*WORK TO BE COMPLETED*:
Please write out every record exactly, but keep any images out of it.

(Stored data entries)
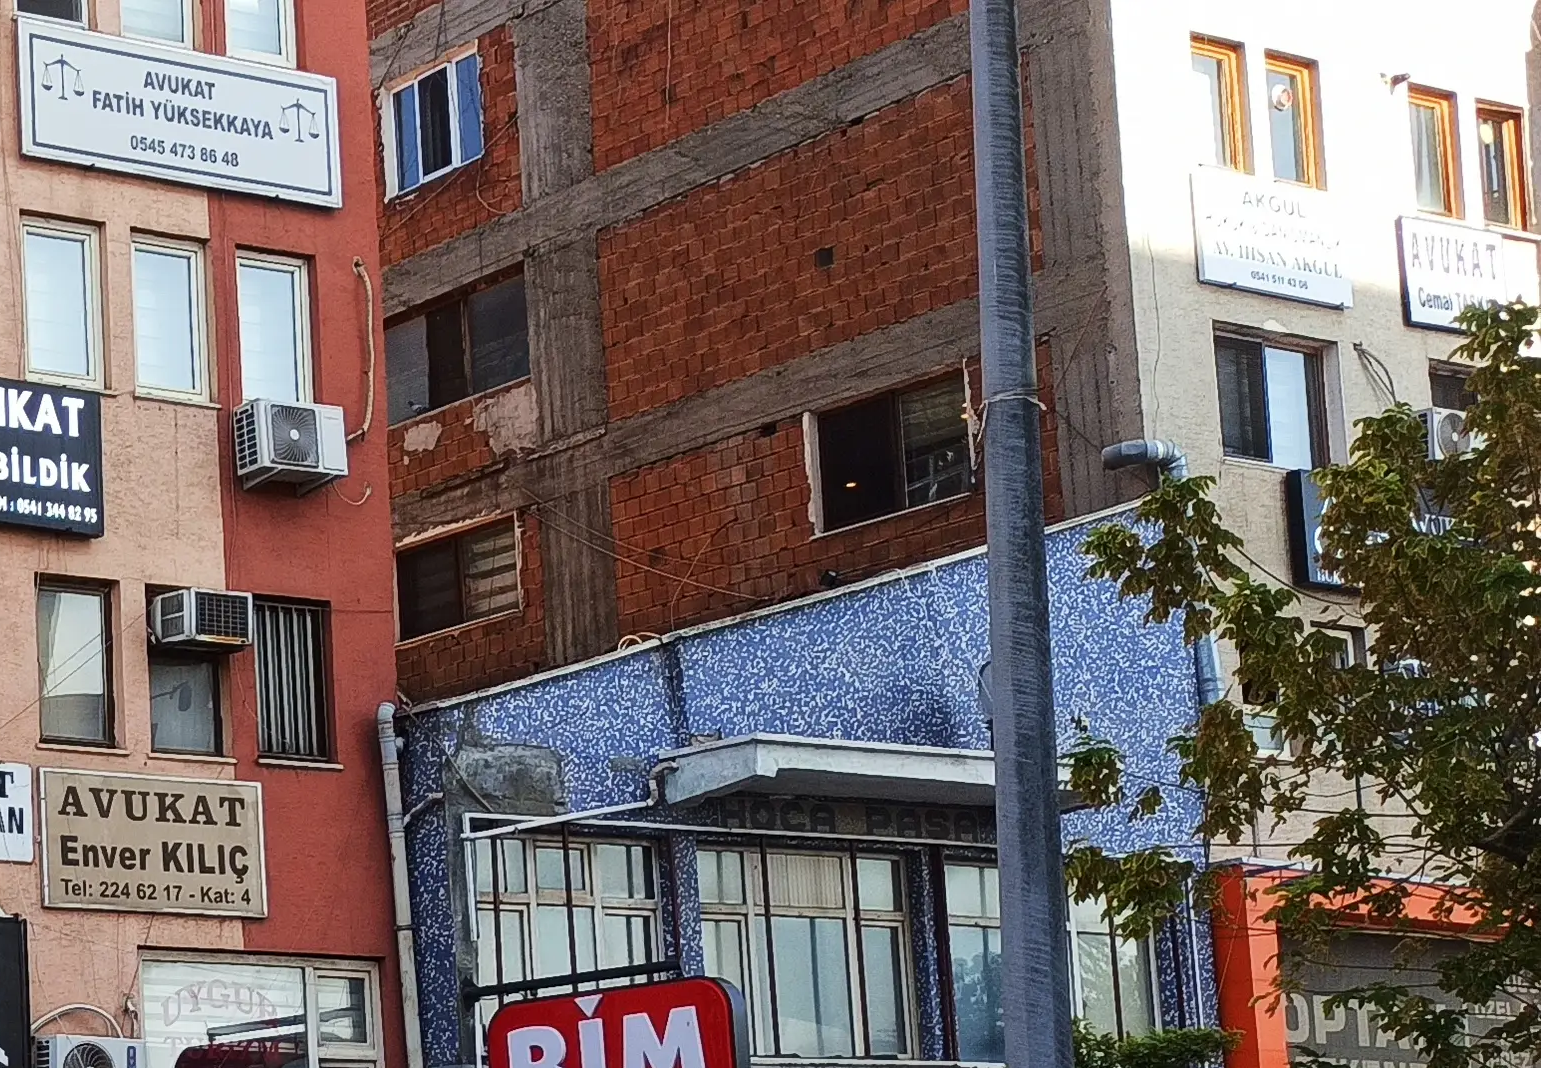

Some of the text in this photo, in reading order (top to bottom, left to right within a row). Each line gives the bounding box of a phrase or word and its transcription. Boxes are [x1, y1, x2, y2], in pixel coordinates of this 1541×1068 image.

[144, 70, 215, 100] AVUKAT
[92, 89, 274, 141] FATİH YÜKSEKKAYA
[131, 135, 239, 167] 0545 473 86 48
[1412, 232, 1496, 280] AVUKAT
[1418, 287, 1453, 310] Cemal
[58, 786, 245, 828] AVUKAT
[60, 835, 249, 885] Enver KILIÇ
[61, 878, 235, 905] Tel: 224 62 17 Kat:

*OUTPUT OF THE EXERCISE*:
Some of the text in this photo, in reading order (top to bottom, left to right within a row). Each line gives the bounding box of a phrase or word and its transcription. Boxes are [x1, y1, x2, y2], in pixel coordinates of this 1541×1068 image.

[144, 70, 215, 100] AVUKAT
[92, 89, 274, 141] FATİH YÜKSEKKAYA
[131, 135, 239, 167] 0545 473 86 48
[1412, 232, 1496, 280] AVUKAT
[1418, 287, 1453, 310] Cemal
[58, 786, 245, 828] AVUKAT
[60, 835, 249, 885] Enver KILIÇ
[61, 878, 235, 905] Tel: 224 62 17 Kat:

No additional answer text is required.